> _Records excerpted from a collection_
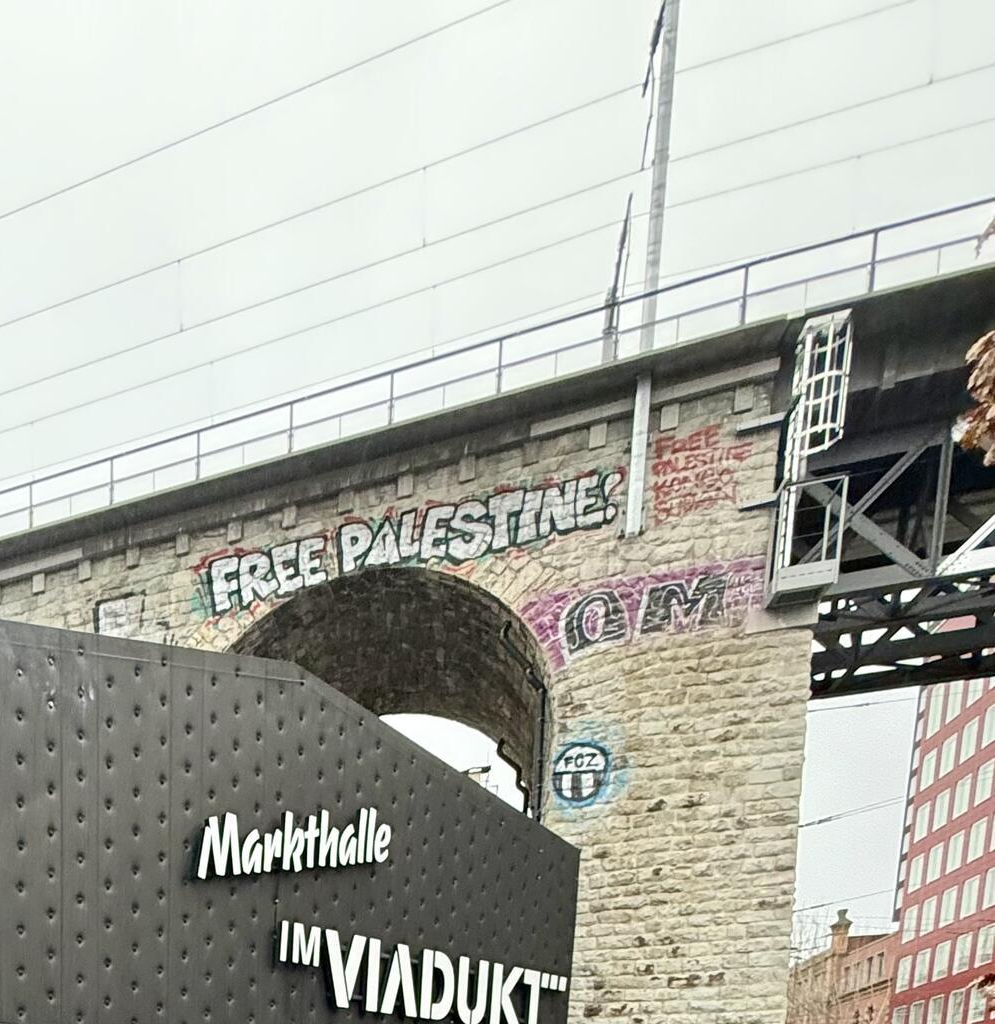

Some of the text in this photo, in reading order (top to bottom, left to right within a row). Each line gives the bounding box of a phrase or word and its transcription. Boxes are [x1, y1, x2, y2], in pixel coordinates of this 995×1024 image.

[208, 535, 329, 613] FREE
[564, 753, 599, 769] FCZ
[197, 807, 392, 880] Markthalle
[279, 920, 321, 967] IM
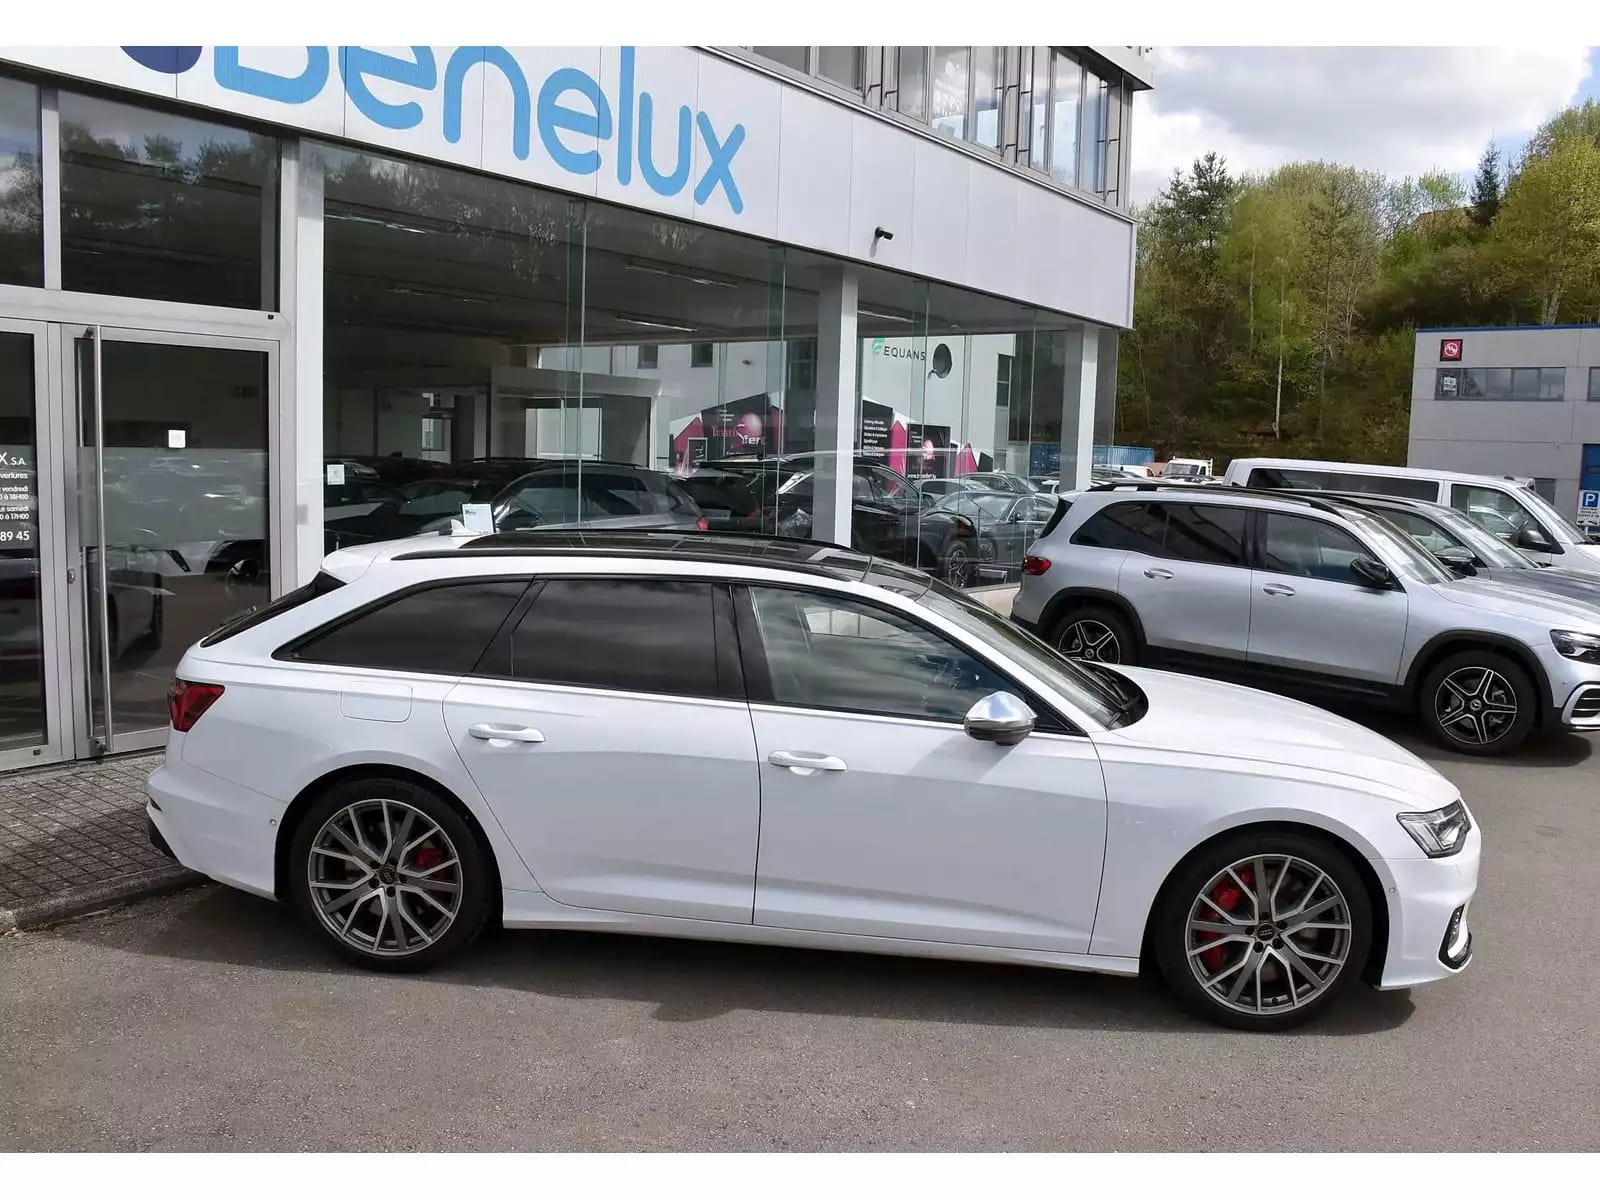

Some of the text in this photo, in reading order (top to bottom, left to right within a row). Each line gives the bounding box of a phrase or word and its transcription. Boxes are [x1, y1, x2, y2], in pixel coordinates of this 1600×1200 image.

[883, 345, 926, 361] EQUANS
[1585, 493, 1596, 506] P
[0, 530, 30, 542] 89 45
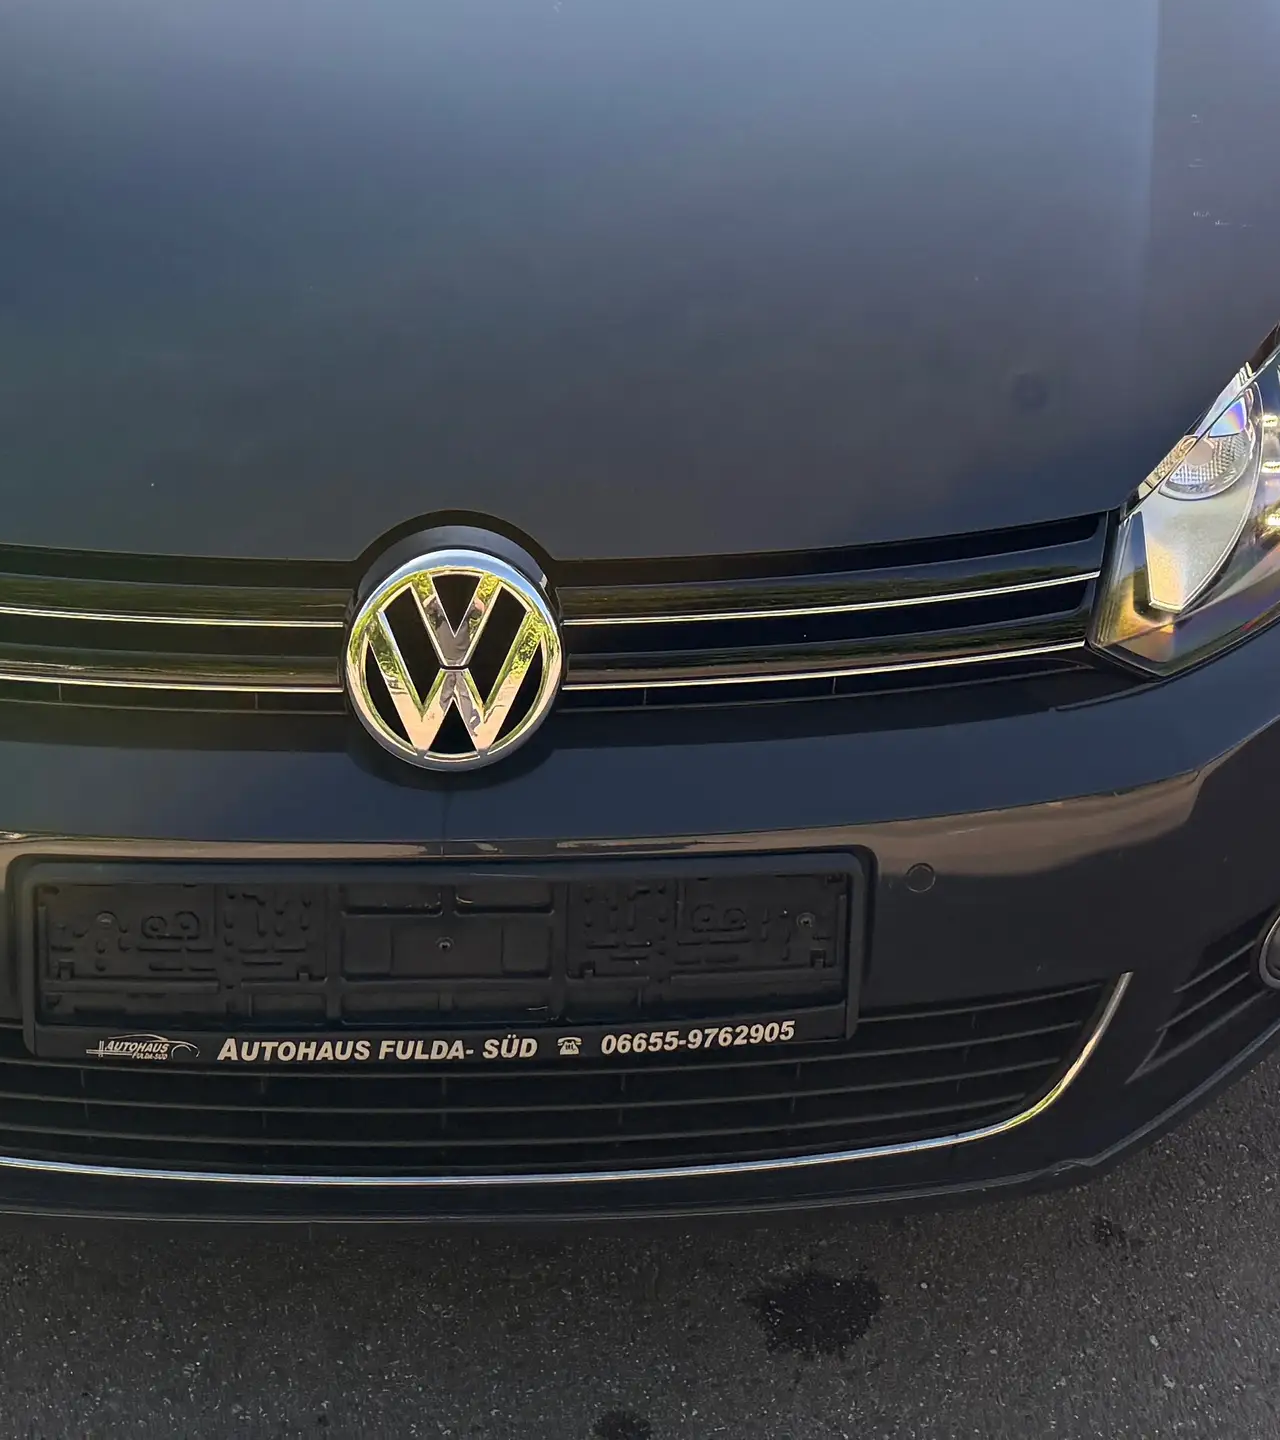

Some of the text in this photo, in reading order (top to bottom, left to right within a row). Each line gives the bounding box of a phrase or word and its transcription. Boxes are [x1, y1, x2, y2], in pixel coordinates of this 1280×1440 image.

[105, 1040, 170, 1053] AUTOHAUS
[378, 1039, 474, 1061] FULDA-
[482, 1033, 538, 1059] SÜD
[601, 1020, 796, 1055] 06655-9762905

> _Work instructions_
Please retype every entry above exactly, leaving out any picture.

> _Exercise answer_
Some of the text in this photo, in reading order (top to bottom, left to right within a row). Each line gives the bounding box of a phrase or word and its transcription. Boxes are [x1, y1, x2, y2], in pixel coordinates of this 995×1024 image.

[208, 535, 329, 613] FREE
[564, 753, 599, 769] FCZ
[197, 807, 392, 880] Markthalle
[279, 920, 321, 967] IM

Some of the text in this photo, in reading order (top to bottom, left to right within a row). Each line gives the bounding box of a phrase or word and its transcription. Boxes are [x1, y1, x2, y2], in pixel coordinates of this 1600×1200 image.

[883, 345, 926, 361] EQUANS
[1585, 493, 1596, 506] P
[0, 530, 30, 542] 89 45

Some of the text in this photo, in reading order (top to bottom, left to right within a row). Each line gives the bounding box of a phrase or word and its transcription. Boxes are [x1, y1, x2, y2], in pixel coordinates of this 1280×1440 image.

[105, 1040, 170, 1053] AUTOHAUS
[378, 1039, 474, 1061] FULDA-
[482, 1033, 538, 1059] SÜD
[601, 1020, 796, 1055] 06655-9762905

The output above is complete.